Am beeindruckendsten fand ich wie schon gesagt die Startzeit von CATIA R17... die verkürzte sich von etwa einer Minute von der Spinpoint F1 zu grob 10 Sekunden auf der SSD


----------



## Rollora (2. Januar 2010)

madamc schrieb:


> Kauf dir 2 SAS Platten im Raid oder falls du nicht soviel Geld hast 2 Velociraptor. Damit sollte der Start deutlich schneller von statten gehen


Sorry, falsch: am schnellsten geht der Start mit einer guten SSD. hab mit der X25M keine 15 Sekunden Bootzeit (damit meine ich nicht die Zeit bis zum Windoofbildschirm, sondern die Zeit bis zur vollen Einsatzfähigkeit des OS. Raid ist bei SSDs nicht zu empfehlen, da sich die Latenz erhöht. Das tut si zwar bei normalen festplatten auch, die sind aber bei Zugriffszeiten so langsam (im Vergleich zu SSDs), dass diese Erhöhung nicht weiter ins Gewicht fällt...


----------



## stemei007 (2. Januar 2010)

Meine Boot-Zeit:

18,657 sec Win 7 64 bit Prof |SSD Intel Postville 80 GB G2

mit Startprogramme.

Meine Boot-Zeit :

14,742 sec Win 7 64 bit Prof | SSD Intel Postville 80 GB G2

ohne Startprogramme bis auf Virenprogramm

Das nenn ich Startzeiten.....................


----------



## Crymes (24. Dezember 2010)

Hallo, mein Start braucht nun nach 2 Tagen mit einer Vertex 2 auch sehr lange, Beim Bootlogo dauert es länger, hab alle 4 Kerne beim Start aktiviert uind Auslagerungsdatei abgeschaltet, er greift aber für eine gewisse Zeit nicht auf die SSD zu, wenn er es tut, geht alles wieder ganz scg´hnell.

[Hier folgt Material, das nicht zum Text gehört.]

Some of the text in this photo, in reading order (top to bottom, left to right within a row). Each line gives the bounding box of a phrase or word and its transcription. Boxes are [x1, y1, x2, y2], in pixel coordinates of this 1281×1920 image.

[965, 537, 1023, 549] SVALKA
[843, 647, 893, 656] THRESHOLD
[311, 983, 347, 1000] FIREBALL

Weiss jemand, woran das liegt?


----------



## hulkhardy1 (24. Dezember 2010)

Has du zufällig die AMD AHCI Treiber installiert, dann mal runter damit.


----------



## Crymes (24. Dezember 2010)

nein, ich probier Morgen mal, nu einen Kern zum Starten zu benutzen, vielleicht hilft das.
Aber sonst sind die Ladezeitrn von Assassins Creed, Mafia 2 und Visual C++ schon krass, das Herunterfahren dauert ca. 7 sek.

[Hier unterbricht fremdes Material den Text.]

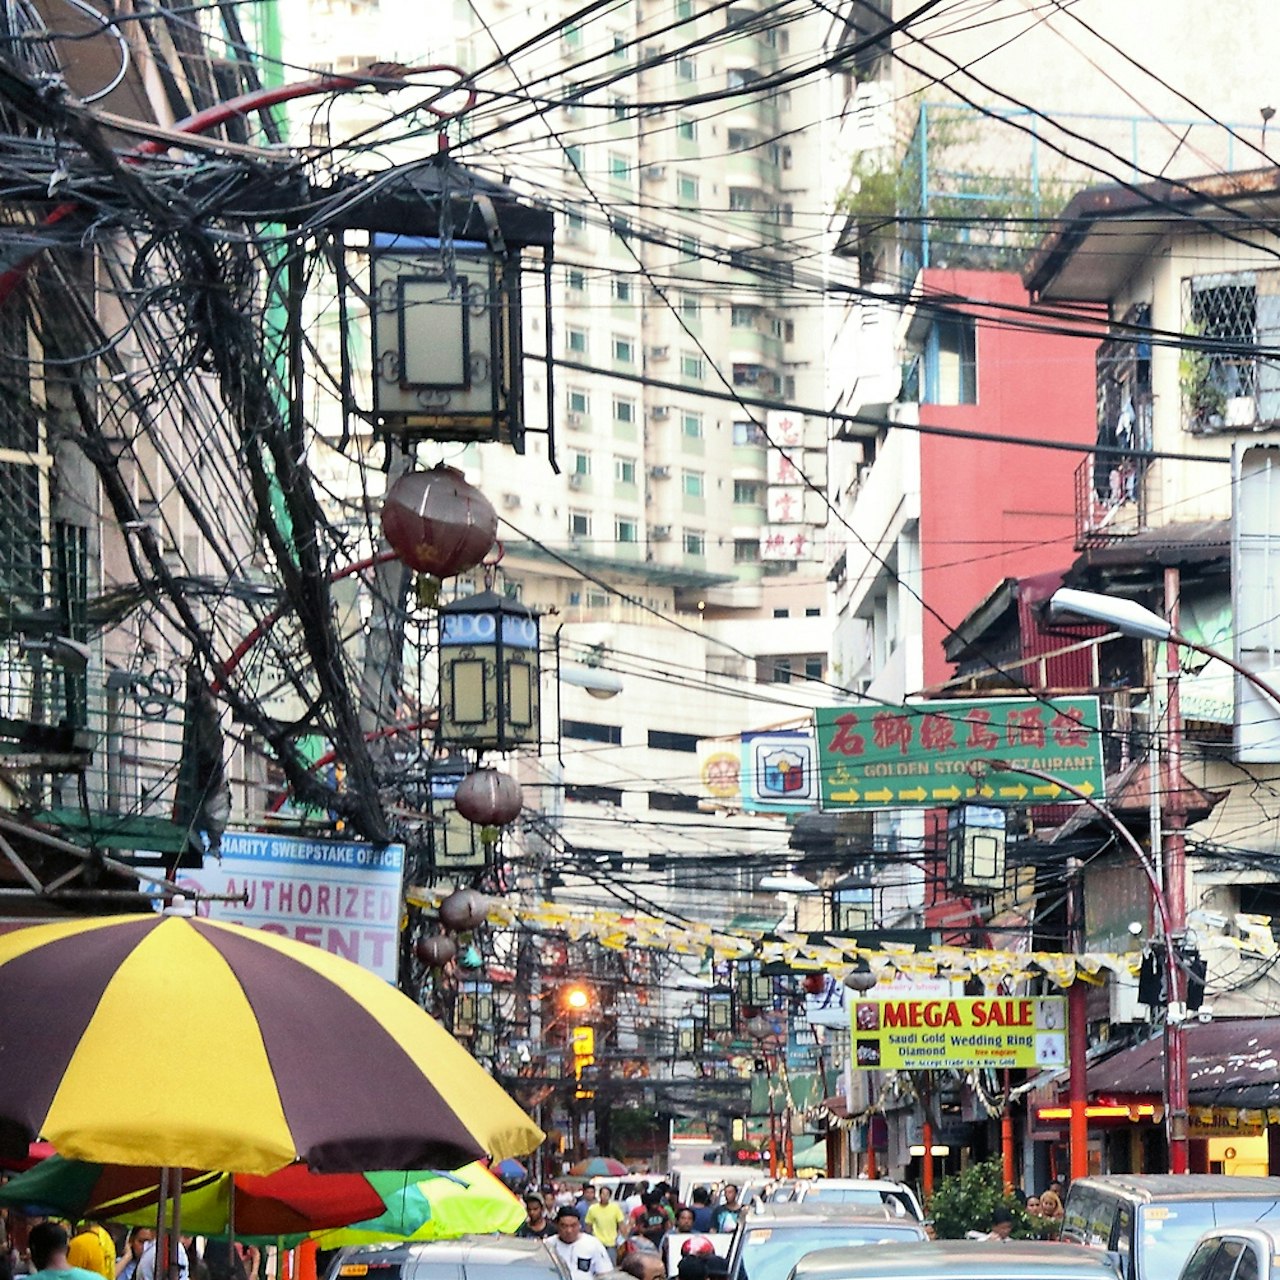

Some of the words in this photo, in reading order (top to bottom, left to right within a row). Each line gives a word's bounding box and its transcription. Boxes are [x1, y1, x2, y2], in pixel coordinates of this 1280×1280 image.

[864, 761, 930, 778] GOLDEN
[221, 837, 268, 856] HARITY
[271, 843, 354, 863] SWEEPSTAKE
[224, 878, 393, 921] AUTHORIZED
[883, 1001, 962, 1028] MEGA
[971, 1001, 1033, 1027] SALE
[889, 1033, 918, 1044] Saudi
[922, 1033, 946, 1044] Gold
[951, 1034, 1001, 1048] Wedding
[1006, 1034, 1033, 1048] Ring
[898, 1046, 946, 1057] Diamond

Das Willkommenslogo steht bei mir inzwischen auch wieder 5 sek, ohne dass Festplattenzugriffe geschehen, das nervt schon!


----------



## Razorblade12 (25. Dezember 2010)

Was hast Du für ein Mainboard bzw. Chipsatz?

Ich hatte das selbe Problem mit einem Gigabyte mit 7xxer Chipsatz. 

MSAHCI-Treiber: Trim nutzbar, dafür ewig langsamer Start - blieb immer bei dem Wobbel-Bild ohne Laufwerkszugriff stehen. 
AMD-Treiber: Schneller start, dafür kein Trim

Meine Lösung war: Neues Board mit neuem Chipsatz.


----------



## Crymes (25. Dezember 2010)

Nicht gut, ich hab ein MSI 790Gx-G65 mit 790GX-Chipsatz. 
Ich probier mal den AMD-Treiber, obwohl der mir in der Vergangenheit immer Performancedefizite gebracht hat.
Danke.


----------



## Crymes (25. Dezember 2010)

OK, mit dem AMD-Treiber geht es merklich schneller, der hat ja jetzt auch TRIM-Unterstützung.
Jetzt gehts erstmal Schneeschippen-Danke an Alle!


----------



## Terrean (2. Januar 2011)

Crymes schrieb:


> OK, mit dem AMD-Treiber geht es merklich schneller, der hat ja jetzt auch TRIM-Unterstützung.
> Jetzt gehts erstmal Schneeschippen-Danke an Alle!



 Nur, wenn du einen 8er Chipsatz von AMD hast. Für die vorherigen ist es nicht freigeschalten.  Quelle: AMDs AHCI-Treiber mit TRIM-Unterstützung (Update) - 16.11.2010 - ComputerBase 

  Ich möchte mich hier einklinken, weil ich dasselbe Problem habe. Seit ich mein neues Sapphire am2rs790g Pure CrossfireX Mainboard verbaut habe und etliche Zeit mit der Bios Konfig verbrachte, stehe ich vor dem Problem, dass er meine Corsair F60 SSD extrem langsam anspricht. Ich habe schon viele Ausschlussverfahren durchgeführt und ebendies festgestellt. 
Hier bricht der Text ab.